▶ **Task to carry out**
Your response should give back each record exactly, word for word.

===== Source material =====

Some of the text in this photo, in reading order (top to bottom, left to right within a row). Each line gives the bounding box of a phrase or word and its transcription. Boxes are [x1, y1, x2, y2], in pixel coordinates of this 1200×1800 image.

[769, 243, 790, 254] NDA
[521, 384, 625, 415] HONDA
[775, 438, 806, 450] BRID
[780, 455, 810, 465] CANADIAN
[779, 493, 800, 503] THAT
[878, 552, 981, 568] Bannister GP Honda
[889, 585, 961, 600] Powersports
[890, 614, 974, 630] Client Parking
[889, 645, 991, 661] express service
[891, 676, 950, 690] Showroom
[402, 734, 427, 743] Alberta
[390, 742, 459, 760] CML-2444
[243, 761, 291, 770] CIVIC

=====

▶ **Finished exercise**
Some of the text in this photo, in reading order (top to bottom, left to right within a row). Each line gives the bounding box of a phrase or word and its transcription. Boxes are [x1, y1, x2, y2], in pixel coordinates of this 1200×1800 image.

[769, 243, 790, 254] NDA
[521, 384, 625, 415] HONDA
[775, 438, 806, 450] BRID
[780, 455, 810, 465] CANADIAN
[779, 493, 800, 503] THAT
[878, 552, 981, 568] Bannister GP Honda
[889, 585, 961, 600] Powersports
[890, 614, 974, 630] Client Parking
[889, 645, 991, 661] express service
[891, 676, 950, 690] Showroom
[402, 734, 427, 743] Alberta
[390, 742, 459, 760] CML-2444
[243, 761, 291, 770] CIVIC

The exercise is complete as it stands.